**Source material**
****************************************

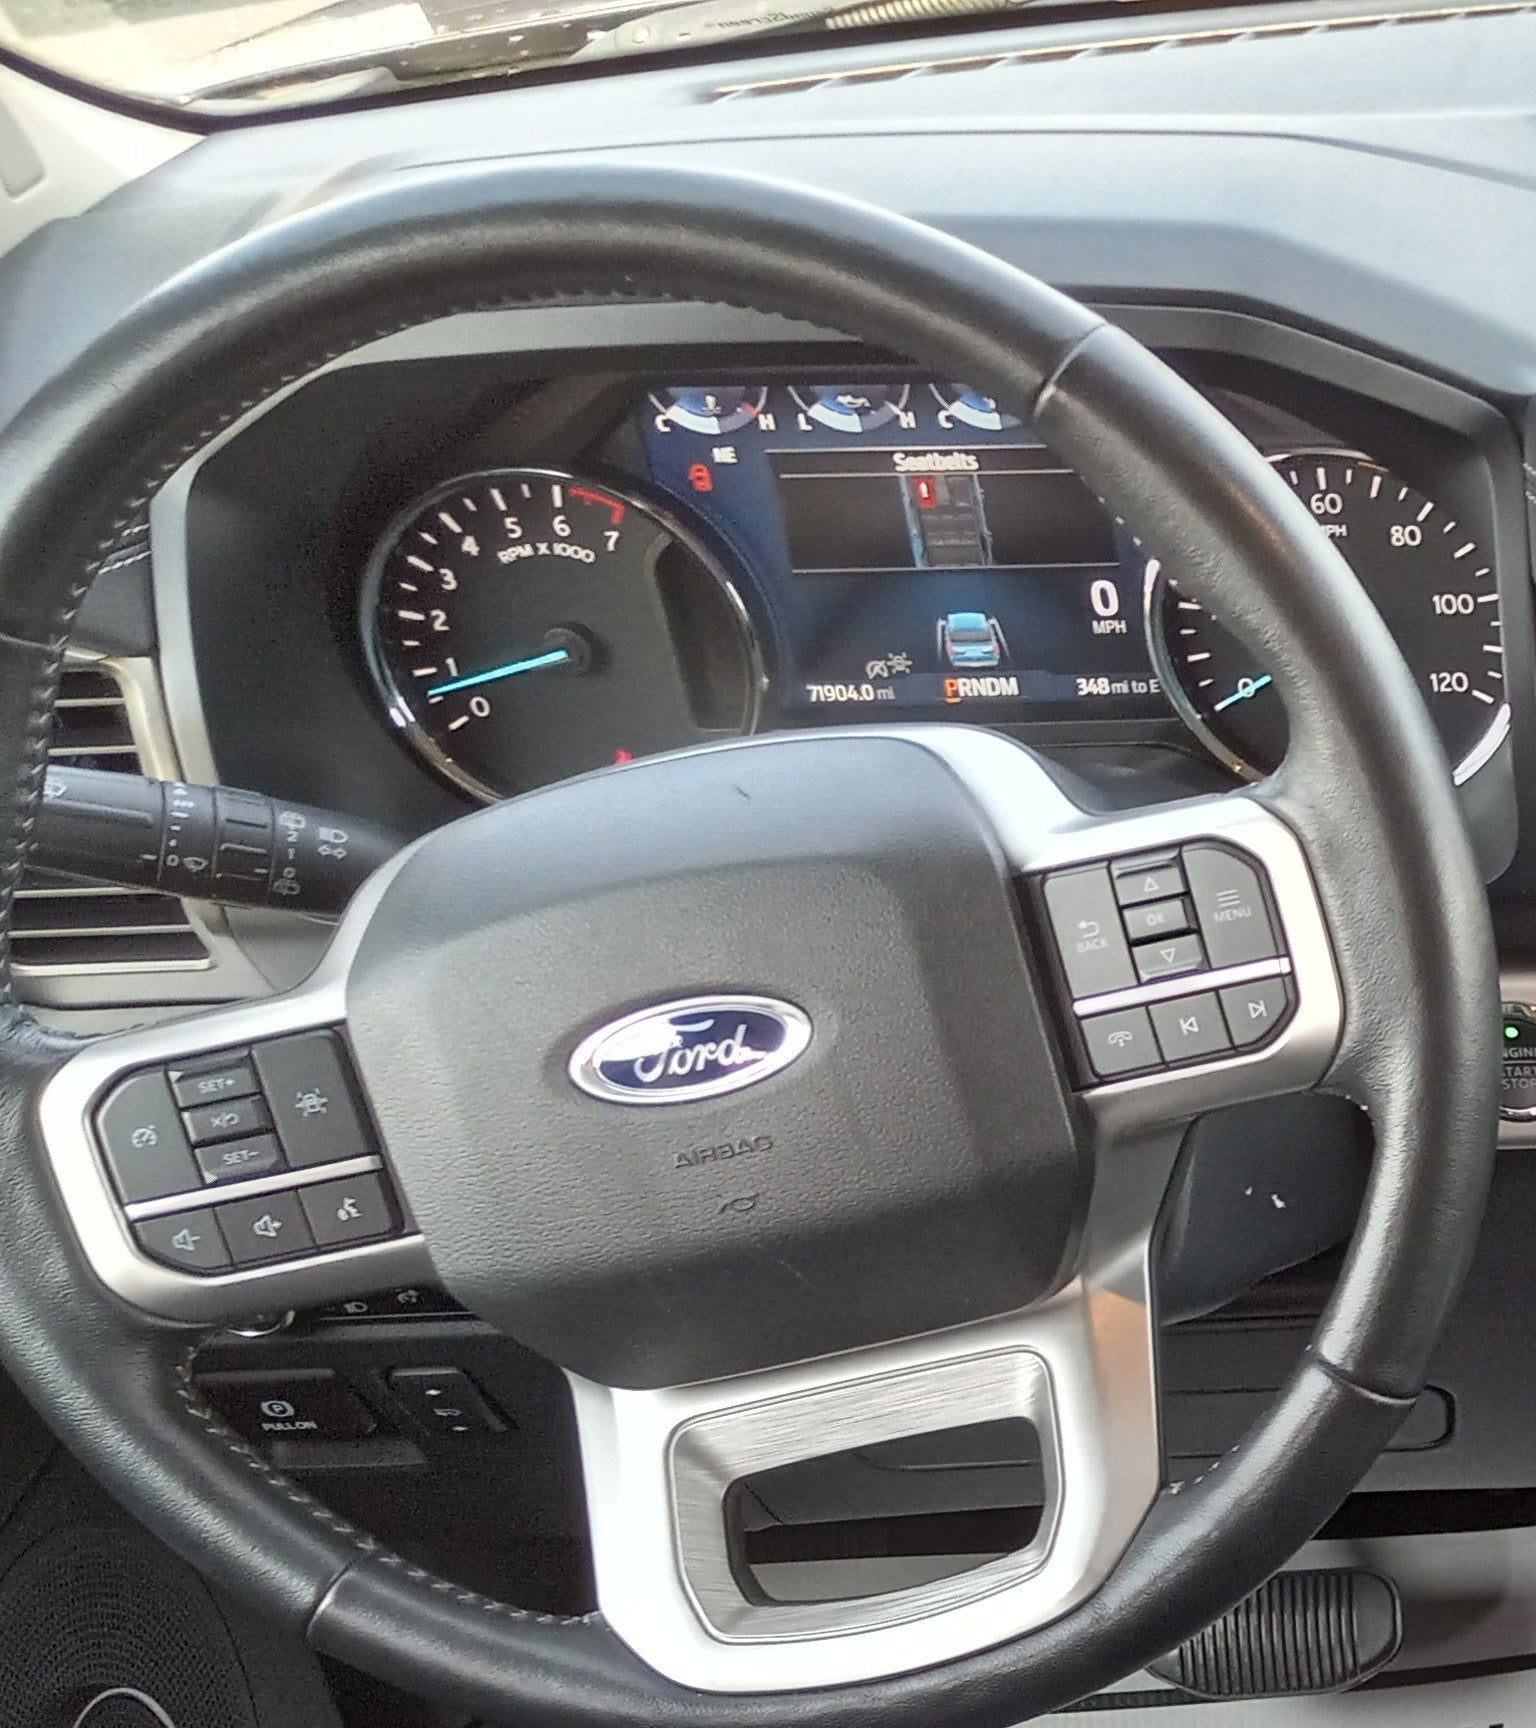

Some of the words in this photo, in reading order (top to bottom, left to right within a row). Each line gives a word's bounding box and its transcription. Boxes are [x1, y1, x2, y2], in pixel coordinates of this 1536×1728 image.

[655, 413, 671, 432] C
[758, 412, 776, 431] H
[797, 412, 813, 431] L
[899, 411, 917, 429] H
[938, 410, 953, 429] C
[892, 452, 980, 472] Seatbelts
[1309, 493, 1343, 514] 60
[504, 517, 523, 539] 5
[552, 515, 572, 537] 6
[1389, 525, 1422, 546] 80
[460, 535, 481, 557] 4
[604, 530, 620, 553] 7
[496, 541, 533, 565] RPM
[551, 541, 597, 564] 1000
[440, 568, 458, 590] 3
[1090, 579, 1120, 617] 0
[1431, 593, 1475, 615] 100
[429, 609, 450, 632] 2
[1091, 619, 1128, 635] MPH
[445, 656, 458, 677] 1
[943, 677, 1020, 699] PRNDM
[1076, 676, 1111, 697] 348
[1111, 679, 1130, 694] mi
[1131, 680, 1147, 693] to
[1237, 677, 1256, 698] 0
[1429, 671, 1469, 693] 120
[806, 684, 875, 703] 71904.0
[876, 685, 896, 701] mi
[469, 697, 491, 719] 0
[287, 831, 298, 843] 2
[166, 854, 180, 867] 0
[1146, 911, 1167, 927] OK
[1213, 904, 1253, 924] MENU
[1075, 935, 1109, 954] BACK
[633, 1018, 750, 1083] Ford
[673, 1135, 774, 1170] AIRBAG

****************************************

**Task to complete**
Repeat every entry exactly. Do not include the pictures.

**Solution to this exercise**
Some of the words in this photo, in reading order (top to bottom, left to right within a row). Each line gives a word's bounding box and its transcription. Boxes are [x1, y1, x2, y2], in pixel coordinates of this 1536×1728 image.

[655, 413, 671, 432] C
[758, 412, 776, 431] H
[797, 412, 813, 431] L
[899, 411, 917, 429] H
[938, 410, 953, 429] C
[892, 452, 980, 472] Seatbelts
[1309, 493, 1343, 514] 60
[504, 517, 523, 539] 5
[552, 515, 572, 537] 6
[1389, 525, 1422, 546] 80
[460, 535, 481, 557] 4
[604, 530, 620, 553] 7
[496, 541, 533, 565] RPM
[551, 541, 597, 564] 1000
[440, 568, 458, 590] 3
[1090, 579, 1120, 617] 0
[1431, 593, 1475, 615] 100
[429, 609, 450, 632] 2
[1091, 619, 1128, 635] MPH
[445, 656, 458, 677] 1
[943, 677, 1020, 699] PRNDM
[1076, 676, 1111, 697] 348
[1111, 679, 1130, 694] mi
[1131, 680, 1147, 693] to
[1237, 677, 1256, 698] 0
[1429, 671, 1469, 693] 120
[806, 684, 875, 703] 71904.0
[876, 685, 896, 701] mi
[469, 697, 491, 719] 0
[287, 831, 298, 843] 2
[166, 854, 180, 867] 0
[1146, 911, 1167, 927] OK
[1213, 904, 1253, 924] MENU
[1075, 935, 1109, 954] BACK
[633, 1018, 750, 1083] Ford
[673, 1135, 774, 1170] AIRBAG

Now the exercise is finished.